The Neste canal feeds the Neste system. Since 1990, it has been managed by CACG under a state concession.

Built between 1848 and 1862, it guarantees the water supply to Gascony. A territory of 8400 km2 straddling 5 departments: Hautes-Pyrénées, Gers, Haute-Garonne, Lot-et-Garonne, and Tarn-et-Garonne.It transports water from the Aure valley to users via a vast network comprising 1350 km of rivers, 90 km of ditches, several lakes. The water for the canal and the 17 rivers it feeds comes from the Neste, from the Sarrancolin water intake at Beyrède-Jumet. (65).

==== Fourogue Dam ====
This structure, which straddles the communes of Mailhoc and Cagnac-les-Mines, was built and operated in the Tarn region by CACG from 1998 to 2020. Its construction was attacked by its opponents and condemned in 1997 by the administrative court. Although the ruling required the work to be stopped, the Albi public prosecutor refused to stop the work. The prefect issued a stop-work order, but did not enforce it. In the end, the illegality of the construction was confirmed by the Bordeaux Administrative Court of Appeal in 2005.

It was the subject of a new public inquiry in 2015, and of upgrading work in 2018–2019, before being handed back to the departmental council of Tarn in 2020.

==== Sivens Dam ====

In 2014, the strong protest by opponents to the construction of the Sivens dam drew attention to CACG. On November 5, le Canard enchaîné noted that the majority of its board members were elected representatives from the general and regional councils of Nouvelle-Aquitaine and Occitanie, which is likely to constitute a conflict of interest, as the same people "ayant l'idée d'un projet, en étudient la faisabilité, le votent et en possèdent la maîtrise d'ouvrage" ("have the idea for a project, study its feasibility, vote on it and are in charge of it") through different structures.

In 2001 and 2009, CACG carried out feasibility studies for the Sivens dam. Following these studies, the Tarn General Council appointed the same CACG to act as project manager for the Sivens dam. On September 29, 2014, the French Ministry of Ecology, Sustainable Development and Energy asked two experts, Corps of Bridges, Waters and Forests, to write a report on the subject. This report, without calling into question the need to store water in the Tescou valley, recommends several improvements in particular to update water demand and study storage variants. Since then, a territorial project has been underway to reconcile agricultural and environmental issues.

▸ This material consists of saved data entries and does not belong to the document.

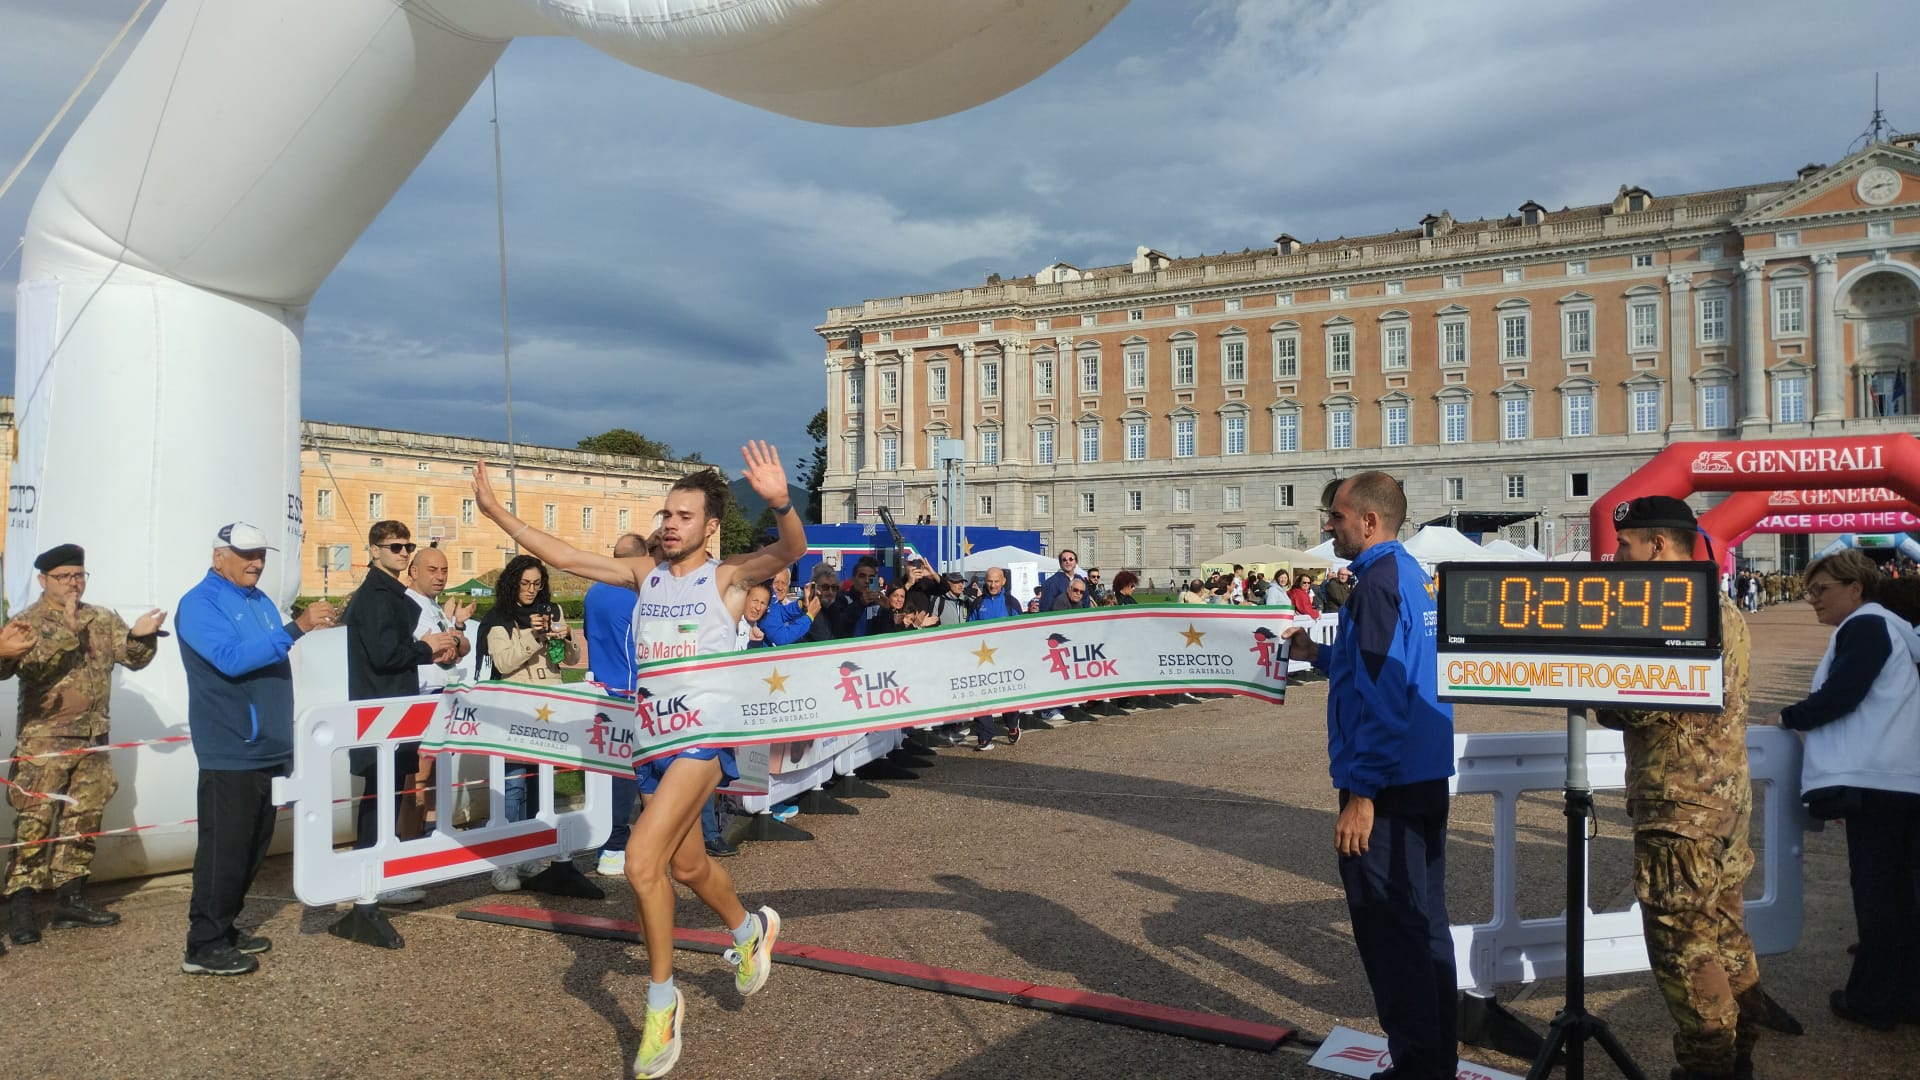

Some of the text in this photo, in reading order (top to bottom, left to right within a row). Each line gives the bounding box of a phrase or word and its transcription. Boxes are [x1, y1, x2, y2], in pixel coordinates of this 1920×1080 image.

[1736, 446, 1884, 473] GENERALI
[1801, 487, 1907, 505] GENERAL
[1818, 513, 1856, 527] FOR
[1860, 512, 1896, 526] THE
[640, 602, 707, 618] ESERCITO
[1499, 577, 1692, 631] 0:29:43
[637, 640, 697, 660] De Marchi
[1072, 643, 1106, 662] LIK
[1075, 659, 1119, 680] LOK
[1158, 654, 1233, 667] ESERCITO
[865, 670, 899, 691] LIK
[950, 668, 1025, 691] ESERCITO
[1447, 661, 1711, 689] CRONOMETROGARA.IT
[866, 686, 912, 709] LOK
[980, 683, 1027, 696] GARIBALDI
[454, 707, 478, 722] LIK
[656, 694, 689, 716] LIK
[740, 697, 817, 717] ESERCITO
[657, 709, 703, 736] LOK
[771, 712, 820, 724] GARIBALDI
[450, 721, 481, 736] LOK
[509, 724, 570, 743] ESERCITO
[610, 726, 634, 744] LIK
[608, 741, 632, 759] LO

==== Lake Puydarrieux ====
The Puydarrieux dam was opened in 1987, forming the lac de Puydarrieux. In addition to the uses common to the Neste system (environment, economy, drinking water), it is also a passover and wintering area for some 240 bird species.

== Critiques ==

=== Business model ===
CACG's business model, based essentially on corn irrigation, is structurally loss-making and dependent on public subsidies. Its debt is high, and the organization was on the verge of bankruptcy in 2023. This was averted by a bailout from local authorities and a massive recapitalization of of public money. In 2019, Occitanie's Regional Chamber of Accounts warned of the company's poor management.

As early as 1998, it was behind the promotion of irrigation reservoirs, or controversial replacement reservoirs in the Poitevin marshlands.

=== Condemnations ===
The company was condemned in 2016 for having taken samples from the Gimone river in excess of authorized standards., and in 2019 for the Midou.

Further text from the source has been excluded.